-- WORK ITEM --
Exact transcription of the data below is required, without the images.

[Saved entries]
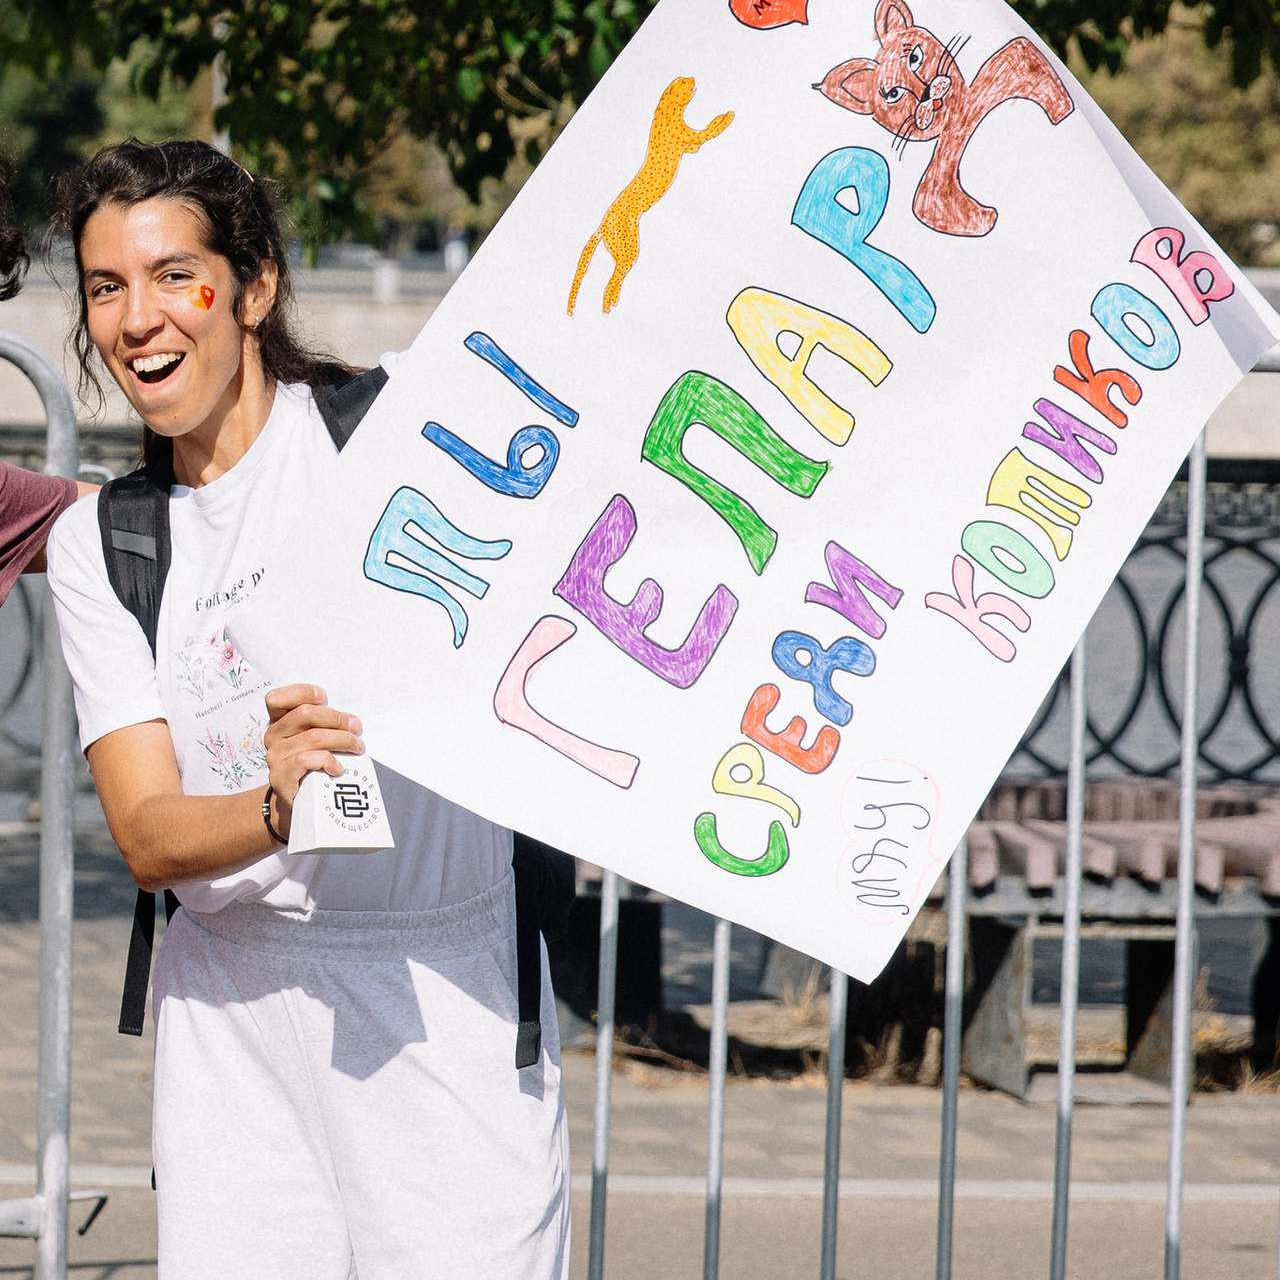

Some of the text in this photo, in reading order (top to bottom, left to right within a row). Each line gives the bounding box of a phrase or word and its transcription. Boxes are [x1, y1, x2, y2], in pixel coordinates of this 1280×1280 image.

[363, 330, 580, 648] ТЫ
[924, 226, 1235, 663] КОТИКОВ
[323, 768, 375, 790] БЕОВОЕ
[325, 805, 380, 833] СООБЩЕСТВО
[694, 539, 905, 877] СРЕДИ

-- SOLUTION TO THIS PROBLEM --
Some of the text in this photo, in reading order (top to bottom, left to right within a row). Each line gives the bounding box of a phrase or word and its transcription. Boxes are [x1, y1, x2, y2], in pixel coordinates of this 1280×1280 image.

[363, 330, 580, 648] ТЫ
[924, 226, 1235, 663] КОТИКОВ
[323, 768, 375, 790] БЕОВОЕ
[325, 805, 380, 833] СООБЩЕСТВО
[694, 539, 905, 877] СРЕДИ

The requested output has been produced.